After about four months, with an unprecedented heat wave in September, The two filtered plots yielded around one-third less than the unfiltered one. But when it was sorted according to quality–ripe, unripe, or “bad”-the filtered plot had two times the number of rotten tomatoes. “So the filters helped reduce heat stress,” Abou Najm says. Abou Najm. It also “cut [crop] wastage by more than half.”
He states that including energy generation and the net profit would offset the lower yield. When you combine solar and crop production, “100 percent becomes a deficient number when you can get 120 or 140 percent yields.”
And for regions and countries that are tightening their grip on the land, this boosts productivity even more critically, particularly when you consider that producing green energy takes 10x more acres in terms of energy than fossil fuels.
Abou Najm is also adamant about the canopied method, as farmers can build resilience to climate change. The sun’s filtering helps the soil hold water and protects farm workers from the harsh sun’s rays. Less transpiration means that less water is required to grow crop production.

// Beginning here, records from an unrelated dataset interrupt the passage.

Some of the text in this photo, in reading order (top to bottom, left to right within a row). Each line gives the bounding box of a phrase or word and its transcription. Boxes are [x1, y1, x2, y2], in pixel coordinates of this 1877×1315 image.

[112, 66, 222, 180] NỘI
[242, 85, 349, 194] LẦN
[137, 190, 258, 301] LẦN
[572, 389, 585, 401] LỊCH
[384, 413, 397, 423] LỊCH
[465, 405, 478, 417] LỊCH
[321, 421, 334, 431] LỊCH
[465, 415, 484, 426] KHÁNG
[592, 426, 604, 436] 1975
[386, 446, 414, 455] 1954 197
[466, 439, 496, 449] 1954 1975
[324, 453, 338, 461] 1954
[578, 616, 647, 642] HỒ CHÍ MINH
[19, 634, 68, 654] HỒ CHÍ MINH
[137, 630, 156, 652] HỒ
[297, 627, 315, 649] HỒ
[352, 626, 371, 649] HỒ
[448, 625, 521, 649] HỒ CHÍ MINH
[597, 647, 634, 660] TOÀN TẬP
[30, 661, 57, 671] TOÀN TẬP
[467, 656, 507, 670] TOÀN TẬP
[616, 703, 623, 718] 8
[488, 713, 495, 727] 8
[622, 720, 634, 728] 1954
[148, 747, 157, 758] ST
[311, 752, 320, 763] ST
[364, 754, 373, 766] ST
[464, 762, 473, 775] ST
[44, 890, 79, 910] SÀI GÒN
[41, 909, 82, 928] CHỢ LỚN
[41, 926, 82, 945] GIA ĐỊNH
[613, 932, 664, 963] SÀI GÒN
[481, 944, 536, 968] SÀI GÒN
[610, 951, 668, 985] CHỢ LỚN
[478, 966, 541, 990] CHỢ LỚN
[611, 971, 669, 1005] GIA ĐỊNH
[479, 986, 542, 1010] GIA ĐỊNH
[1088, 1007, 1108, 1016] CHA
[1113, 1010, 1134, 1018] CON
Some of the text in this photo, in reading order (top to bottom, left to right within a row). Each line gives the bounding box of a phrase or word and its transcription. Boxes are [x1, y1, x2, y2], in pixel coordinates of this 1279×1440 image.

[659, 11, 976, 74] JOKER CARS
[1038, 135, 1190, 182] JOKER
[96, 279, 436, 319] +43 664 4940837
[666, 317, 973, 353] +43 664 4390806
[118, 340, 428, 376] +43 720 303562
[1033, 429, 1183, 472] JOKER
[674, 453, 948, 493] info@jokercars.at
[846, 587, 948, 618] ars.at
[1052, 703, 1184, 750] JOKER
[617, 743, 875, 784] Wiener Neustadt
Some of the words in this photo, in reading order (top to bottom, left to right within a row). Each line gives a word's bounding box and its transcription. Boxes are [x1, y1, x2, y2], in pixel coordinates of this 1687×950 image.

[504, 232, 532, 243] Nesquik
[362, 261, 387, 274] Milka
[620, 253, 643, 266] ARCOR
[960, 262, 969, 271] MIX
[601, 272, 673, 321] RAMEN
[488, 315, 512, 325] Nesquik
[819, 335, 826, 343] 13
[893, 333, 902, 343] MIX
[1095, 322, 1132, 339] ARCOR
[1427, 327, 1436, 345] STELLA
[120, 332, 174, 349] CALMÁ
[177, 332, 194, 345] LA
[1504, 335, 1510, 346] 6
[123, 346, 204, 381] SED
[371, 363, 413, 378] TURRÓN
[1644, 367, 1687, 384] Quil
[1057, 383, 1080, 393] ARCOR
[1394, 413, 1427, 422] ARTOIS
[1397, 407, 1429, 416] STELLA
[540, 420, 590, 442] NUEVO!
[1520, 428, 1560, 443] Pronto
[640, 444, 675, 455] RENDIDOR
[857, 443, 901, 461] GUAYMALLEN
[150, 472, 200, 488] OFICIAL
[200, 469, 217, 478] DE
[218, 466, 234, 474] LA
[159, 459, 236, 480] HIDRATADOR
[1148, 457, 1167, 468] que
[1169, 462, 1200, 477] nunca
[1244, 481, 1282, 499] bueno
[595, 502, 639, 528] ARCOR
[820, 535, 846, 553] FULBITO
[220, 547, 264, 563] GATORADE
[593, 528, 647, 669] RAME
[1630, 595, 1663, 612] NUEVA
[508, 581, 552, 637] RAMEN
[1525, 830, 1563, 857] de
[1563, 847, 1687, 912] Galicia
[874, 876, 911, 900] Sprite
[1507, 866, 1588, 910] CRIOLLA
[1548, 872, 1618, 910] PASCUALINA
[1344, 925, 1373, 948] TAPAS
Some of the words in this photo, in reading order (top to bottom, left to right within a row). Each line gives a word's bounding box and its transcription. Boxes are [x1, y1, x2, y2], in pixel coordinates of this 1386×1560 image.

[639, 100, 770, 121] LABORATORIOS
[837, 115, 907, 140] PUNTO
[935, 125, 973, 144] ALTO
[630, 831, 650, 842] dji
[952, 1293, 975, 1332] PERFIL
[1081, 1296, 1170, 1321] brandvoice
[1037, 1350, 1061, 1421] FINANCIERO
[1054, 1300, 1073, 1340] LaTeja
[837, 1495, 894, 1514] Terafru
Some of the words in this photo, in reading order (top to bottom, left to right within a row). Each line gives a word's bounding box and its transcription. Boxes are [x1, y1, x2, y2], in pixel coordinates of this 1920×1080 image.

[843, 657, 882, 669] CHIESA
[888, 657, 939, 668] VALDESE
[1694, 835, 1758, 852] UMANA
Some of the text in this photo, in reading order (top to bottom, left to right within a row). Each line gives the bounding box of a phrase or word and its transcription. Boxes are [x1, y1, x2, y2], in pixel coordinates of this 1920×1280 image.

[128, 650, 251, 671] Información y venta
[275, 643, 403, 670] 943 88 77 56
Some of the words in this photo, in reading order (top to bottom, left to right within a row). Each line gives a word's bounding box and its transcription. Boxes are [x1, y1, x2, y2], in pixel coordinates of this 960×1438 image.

In addition, by producing the power themselves, farmers can lower the rising energy cost and push the industry towards moving towards electric vehicles and machines as well, he says.
“By 2050, we’ll have [an additional] two billion people on this planet, and we’ll need 60 percent more food, 40 percent more water and 50 percent more energy” that is currently being produced, according to Abou Najm. Research must take place at a revolutionary scale to meet these growing needs.
By maximizing the spectrum of sunlight, “we’re optimizing an endlessly sustainable resource,” the expert says. “If a technology kicks in that can develop these panels, then the sky is the limit on how optimized we can be.”